La historia siguió adelante porque Ahmed Ojo de Águila (así llamado porque tenía un ojo con reflejos dorados que la gente encontraba perturbador) estaba acampado en el oasis de Nakhti con su familia, esperando a su primo. Ahmed era un hombre respetado tanto en su tribu como en las demás. Respetado o temido, que viene a ser lo mismo. Y era un gran amigo de Rashid, uno de los pocos que le quedaban. Y Rashid, como mando y único componente (con su camello) de la compañía de Regulares, estaba examinando el cadáver. Que resultó ser el hijo de la hermana del primo de Ahmed. O sea, su sobrino segundo. Para Rashid, aquello sí tenía interés.

Para los que no le conocieron es difícil hacerse una idea de lo persuasivo que podía ser Rashid. Al poco, guiaba una patrulla bajo el mando del propio teniente Du Pont. Los partes de la época hablan de una gloriosa expedición contra salteadores nativos llevada a cabo por la Primera Compañía de Regulares y elementos de la Primera de Cazadores a camello y la Decimonovena de Arcabuceros, y no deja de ser cierto aunque sólo fueran diez hombres: la patrulla se topó con un clan familiar de los Saada, tribu considerada proscrita entre los propios nativos por la violación de un tabú o costumbre que no viene ahora al caso. El clan había estado utilizando hormigas gigantes para atacar caravanas: se habían hecho con una sustancia que las excitaba y volvía muy agresivas y sus exploradores impregnaban con ella a los objetivos. Luego, sólo tenía que esperar a que las hormigas hicieran su trabajo para recoger los restos.
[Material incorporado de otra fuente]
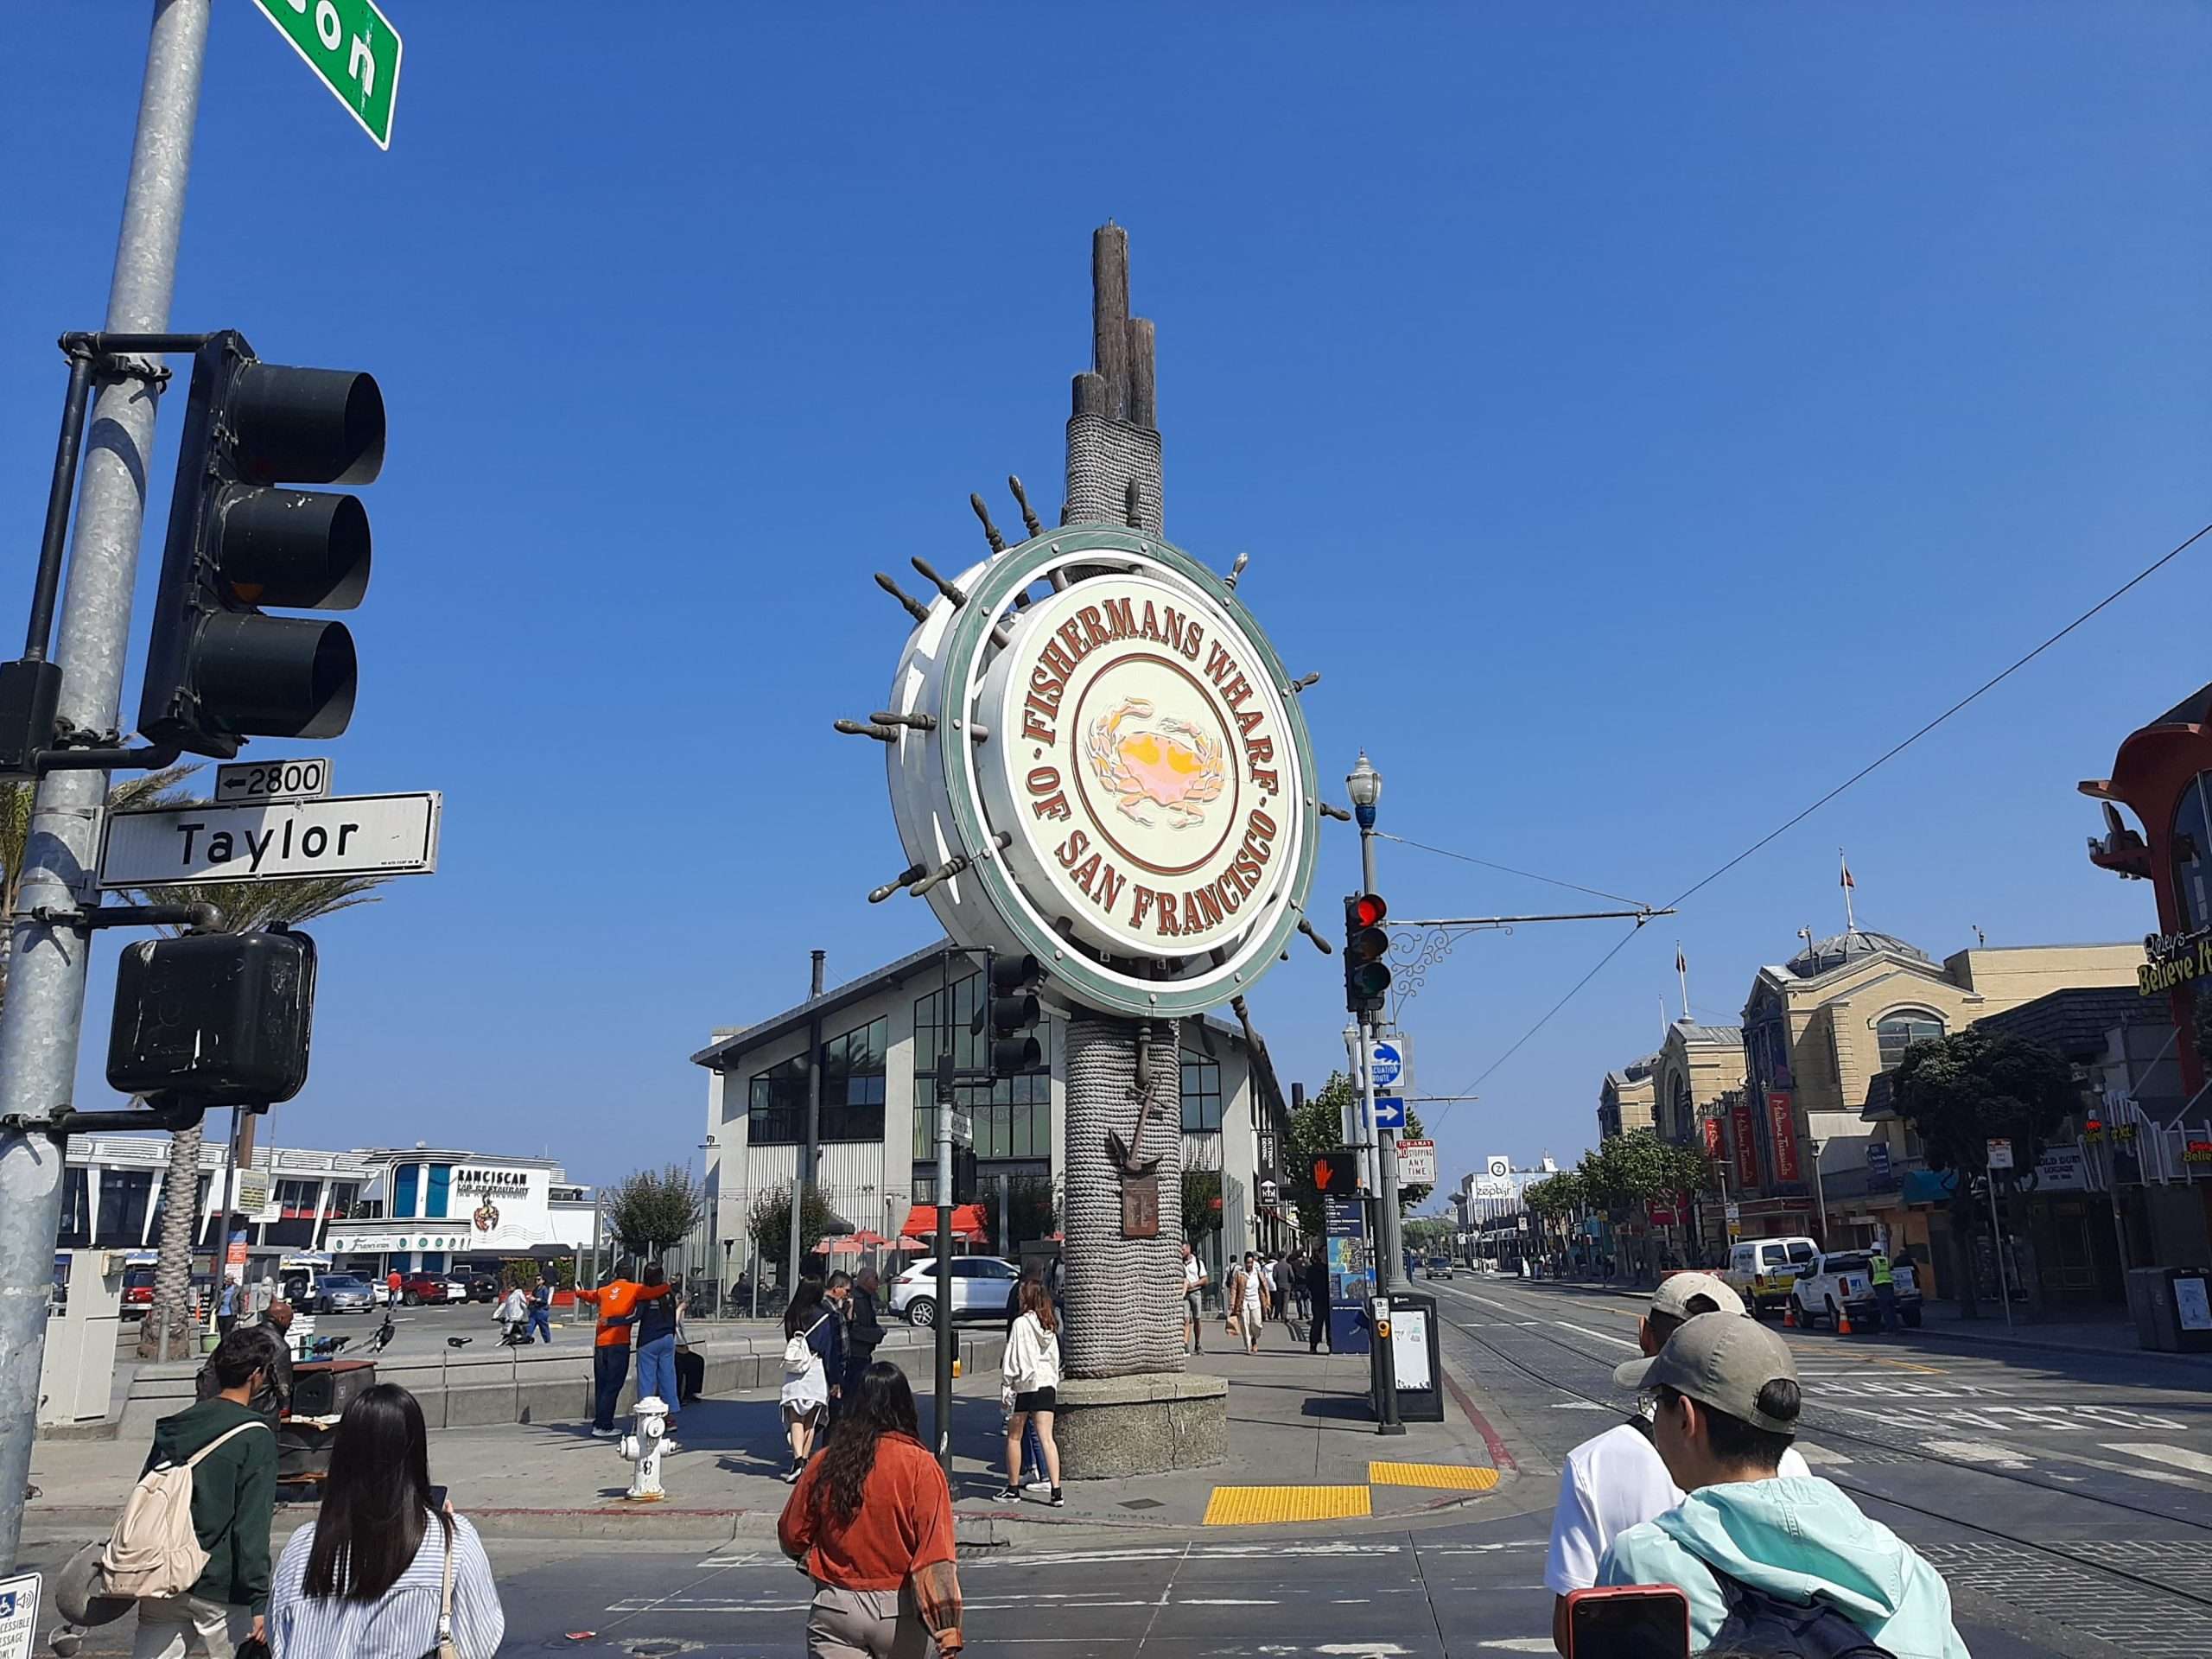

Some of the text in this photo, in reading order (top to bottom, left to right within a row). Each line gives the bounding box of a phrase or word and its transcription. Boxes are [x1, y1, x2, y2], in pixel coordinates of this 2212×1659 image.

[288, 0, 375, 98] on
[1021, 596, 1279, 796] FISHERMANS WHARF
[247, 764, 321, 795] 2800
[177, 818, 359, 873] Taylor
[1026, 766, 1277, 937] OF SAN FRANCISCO
[2138, 956, 2194, 995] Believe
[458, 1170, 527, 1185] RANCISCAN
[0, 1617, 30, 1633] CESSIBLE
[0, 1631, 23, 1647] ESSAGE
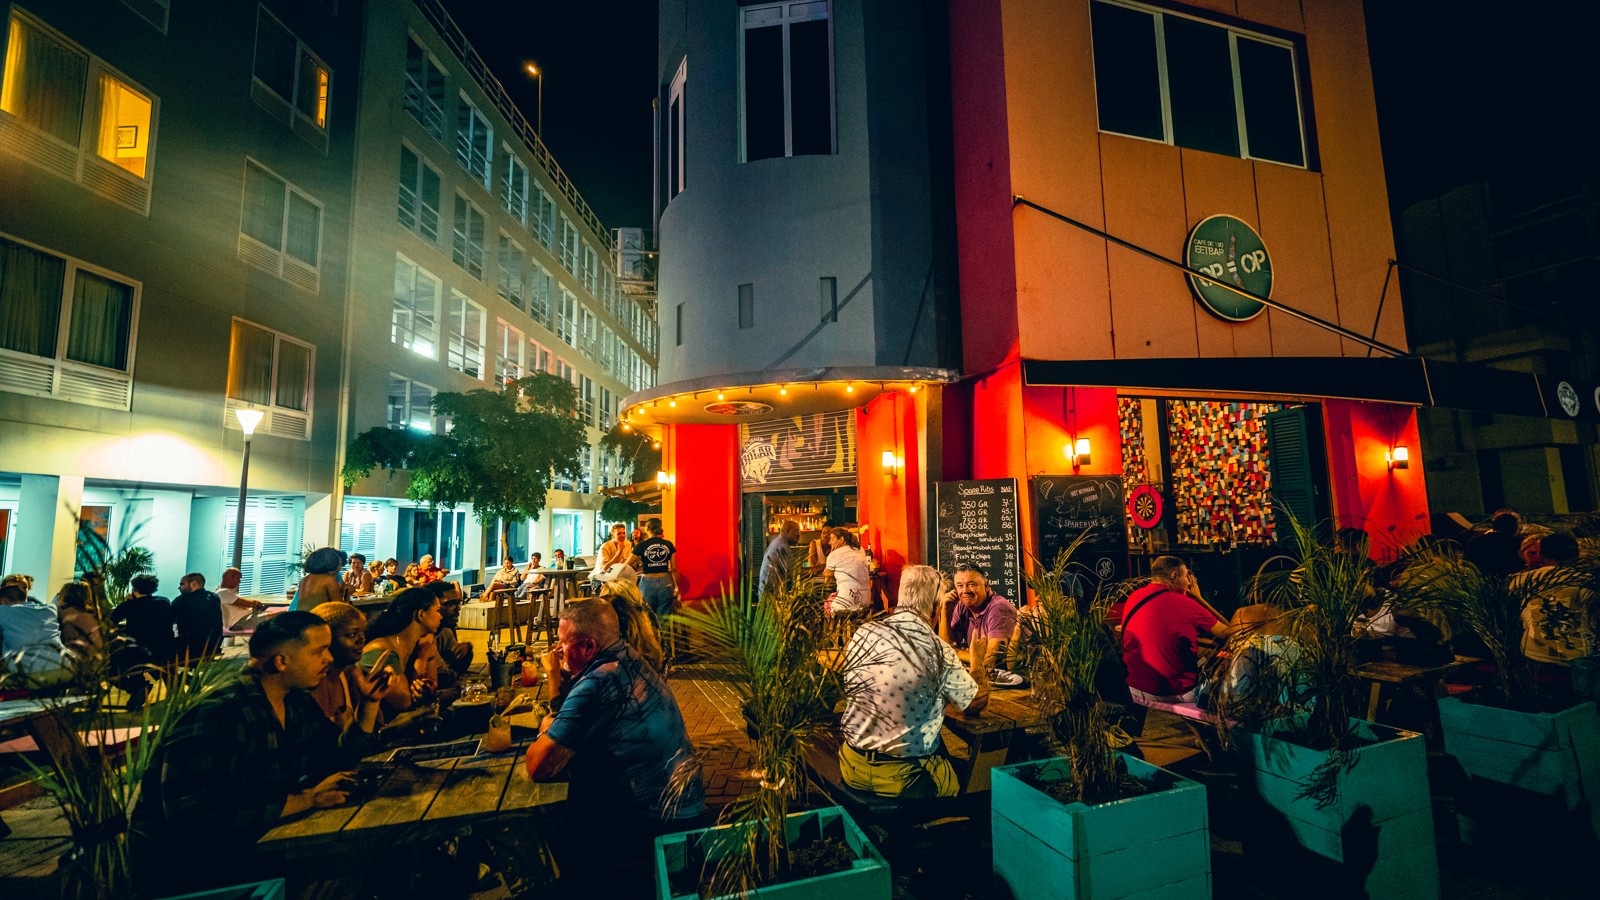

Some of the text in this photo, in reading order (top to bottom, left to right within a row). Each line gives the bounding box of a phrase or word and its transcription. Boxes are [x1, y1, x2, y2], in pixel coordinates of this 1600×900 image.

[1194, 245, 1224, 256] EETBAR
[1198, 263, 1224, 287] OP
[1241, 250, 1266, 273] OP
[961, 500, 976, 509] 350
[978, 500, 988, 508] GR
[961, 510, 976, 518] 500
[1064, 519, 1098, 528] SPARERIBS
La patrulla se topó con las hormigas, pero pudo hacer un prisionero que les puso en el camino del campamento del clan y del que también averiguaron que quien les había proporcionado la sustancia era un «poderoso brujo». Estaban en inferioridad numérica, pero una cuidada táctica y las armas de fuego, desconocidas por los nativos, les dieron la victoria: esa misma noche tras un corto combate se hacían con el campamento enemigo, capturando al brujo, a mujeres y niños y a los pocos hombres supervivientes.

En el campamento se encontraban con otra sorpresa: el clan había asaltado unos días antes una caravana de occidentales y tenían como prisionera a una joven dama de Lucrecio, Sassa Ivarsson, por la que sin duda esperaban sacar un buen precio, y su criada Mira. Desde el momento en que pisó Fuerte Nakhti la joven Sassa lo revolucionó, se apropió de un barracón abandonado desde hacía siglos y logró que los hombres se presentasen voluntarios para arreglarlo.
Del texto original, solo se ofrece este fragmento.